What Indian Muslims can learn from Jews

Story by  Saquib Salim | Posted by  Aasha Khosa | Date 25-04-2023
Jews studying Torah (Courtesy: Encyclopedia Britannica)
Jews studying Torah (Courtesy: Encyclopedia Britannica)

 

Saquib Salim

It’s a common perception that being a member of a religious, or ethnic minority is a handicap. In India, politicians and thinkers argue that backwardness among Muslims is due to their large population in comparison with other religious groups like Christians, Jains, Sikhs, and Parsis. The social and economic indices of Muslims in comparison with others are pretty abysmal.

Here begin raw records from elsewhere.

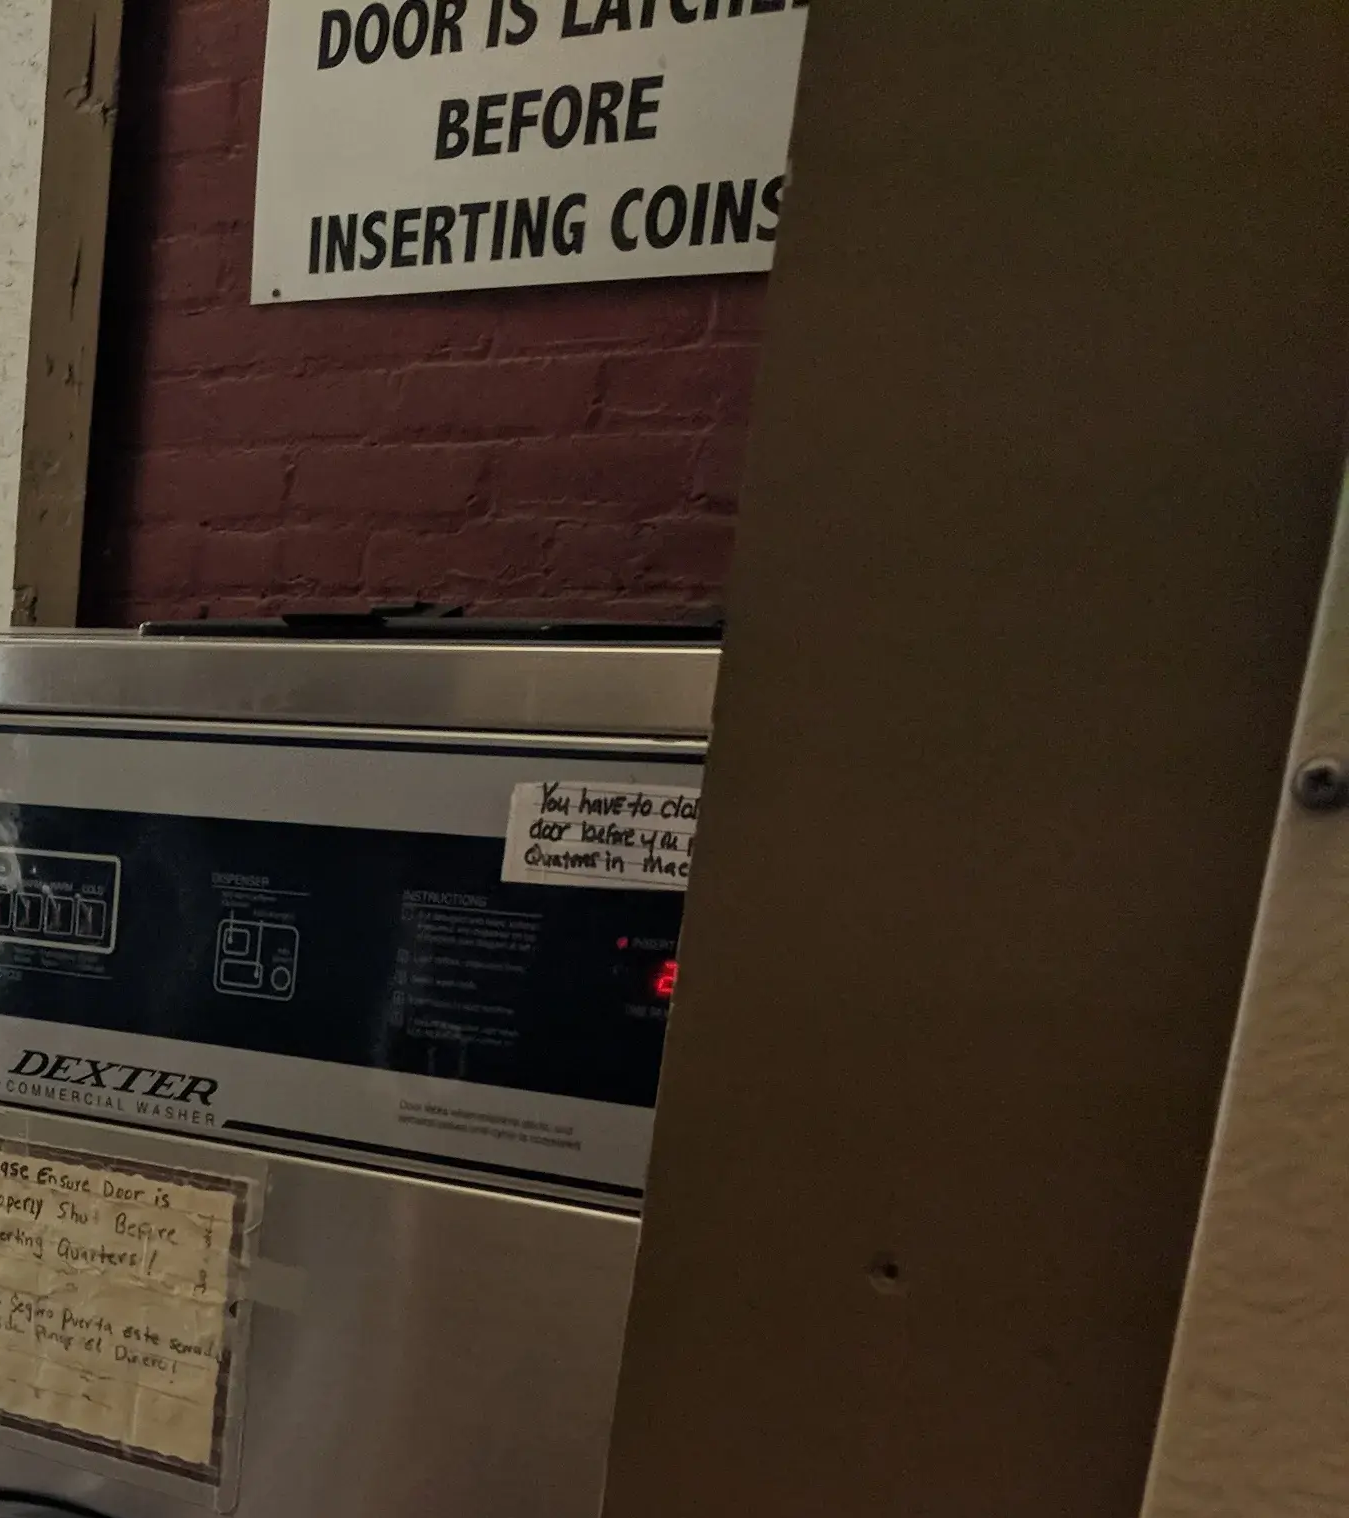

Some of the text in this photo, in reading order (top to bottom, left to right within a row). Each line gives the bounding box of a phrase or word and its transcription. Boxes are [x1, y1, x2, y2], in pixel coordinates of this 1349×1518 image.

[317, 0, 463, 70] DOOR
[486, 0, 539, 48] IS
[434, 74, 665, 161] BEFORE
[307, 174, 787, 274] INSERTING COINS
[541, 782, 570, 816] You
[627, 792, 653, 818] to
[529, 817, 570, 842] door
[605, 850, 624, 873] in
[402, 889, 490, 907] INSTRUCTIONS
[7, 1049, 218, 1107] DEXTER
[6, 1079, 215, 1127] COMMERCIAL WASHER
[37, 1166, 91, 1193] Ensure
[103, 1179, 145, 1201] Door
[154, 1187, 170, 1209] is

Why do Indian Muslims lag? Looking at history, Jews are one of the worst persecuted religious groups in human history. However, the community dominates the world of commerce, technology, science, and innovation. For several centuries, their persecution at the hands of different European dynasties did not stop them from being a dominating force in trade and banking.

What can Jews teach Indian Muslims? Jews lived as a religious minority in Christian Europe and Islamic Middle East empires but never ceased to be a power. The sole secret of their dominance is education.

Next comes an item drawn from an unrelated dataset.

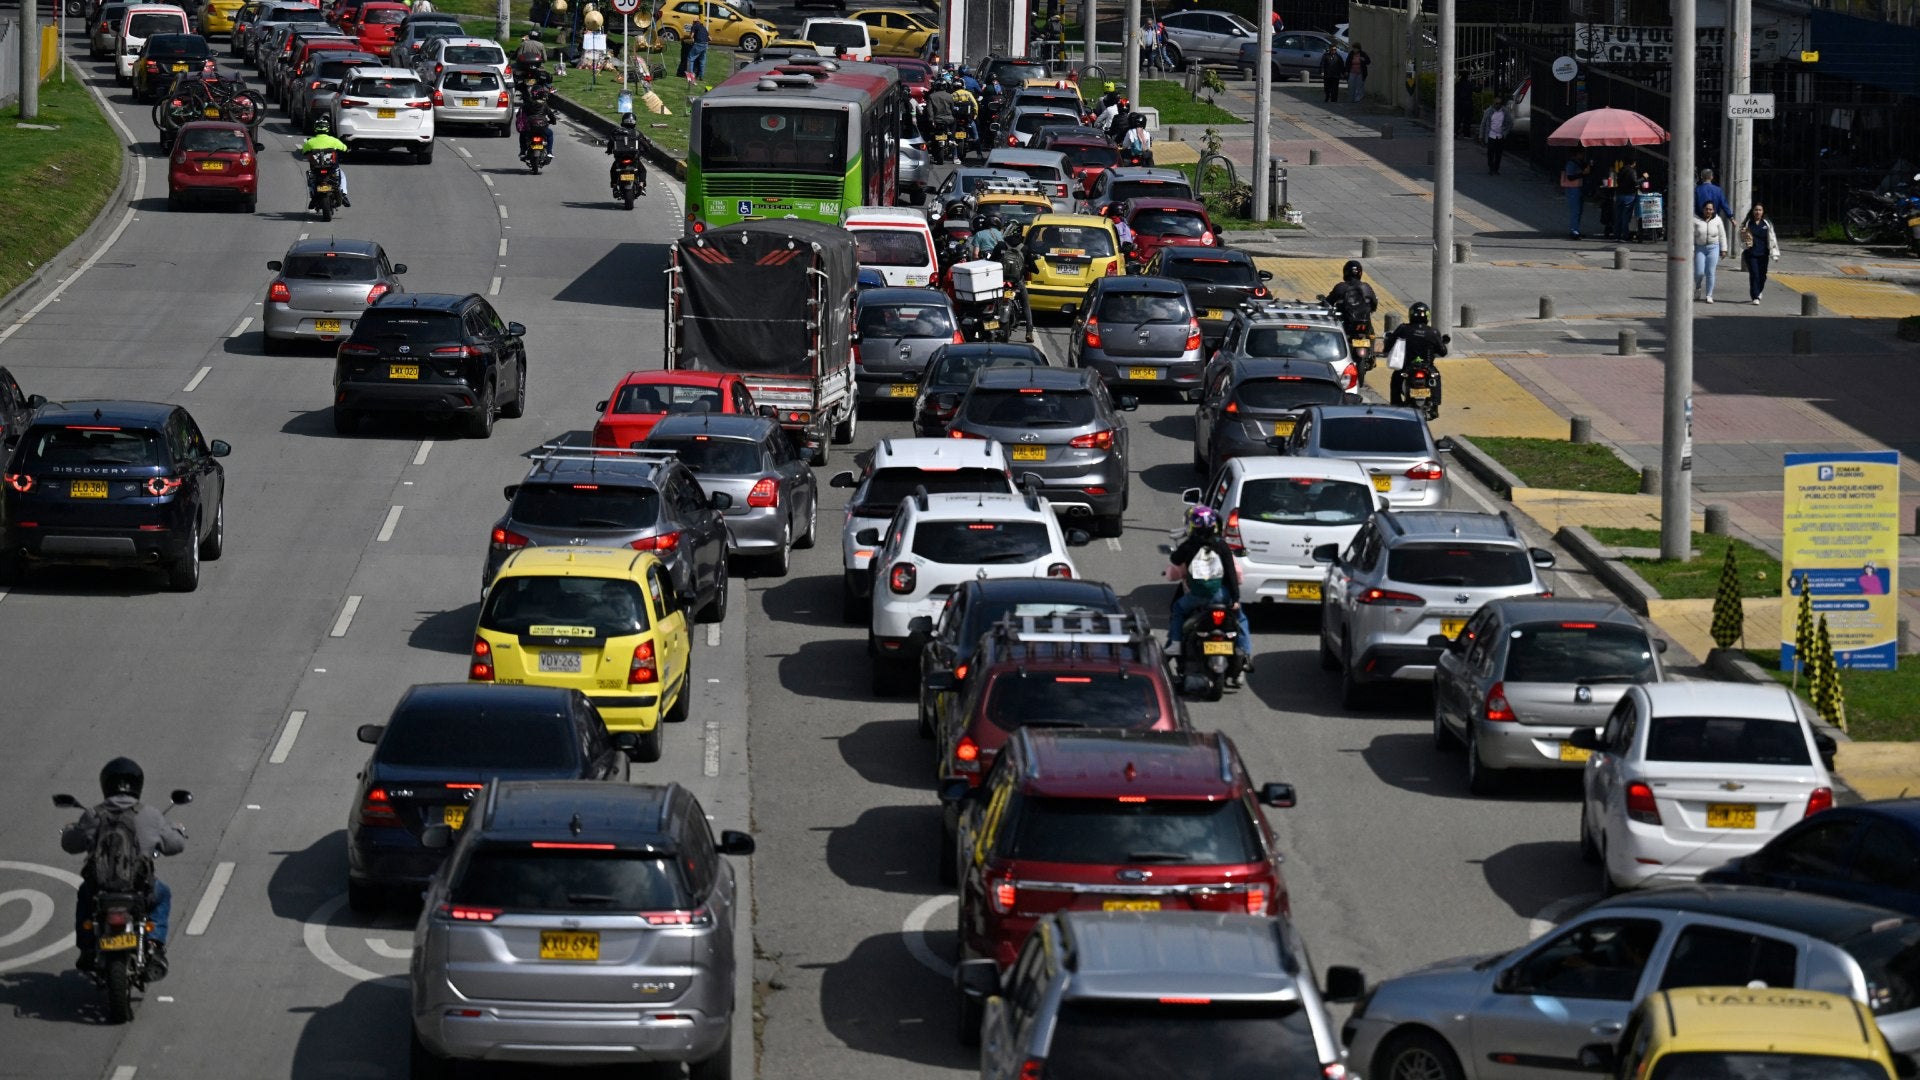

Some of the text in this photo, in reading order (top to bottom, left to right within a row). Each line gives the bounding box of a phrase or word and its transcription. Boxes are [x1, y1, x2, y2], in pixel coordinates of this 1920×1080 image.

[1731, 107, 1771, 115] CERRADA
[819, 202, 839, 213] N624
[52, 466, 129, 475] DISCOVERY

Maristella Botticini and Zvi Eckstein in their study The Chosen Few How Education Shaped Jewish History, (1470–1492) have shown that since 70 AD, after the destruction of the Second Temple by the Roman Empire, Jews abolished the supremacy of religious orthodoxy and made it obligatory for every Jew to learn reading. They write, “After 70 CE, Judaism no longer centered on temple service and ritual sacrifices. Instead, it demanded that all of its members read and study the Torah, educate their male children, and invest in literacy and instruction. No other religion required fathers to educate their sons.” This transformed Jews into a literate community in a world where there were hardly any people knew how to read and write.

Laws were so stringent that people not sending their children to school would be ex-communicated. This led to a decline in the population of Jews during the first half of the first millennia. However, now only the educated were left. To put it in perspective, less than 10% of people in West Europe were literate in 1500 AD while for a Jew men, it was mandatory for learn reading.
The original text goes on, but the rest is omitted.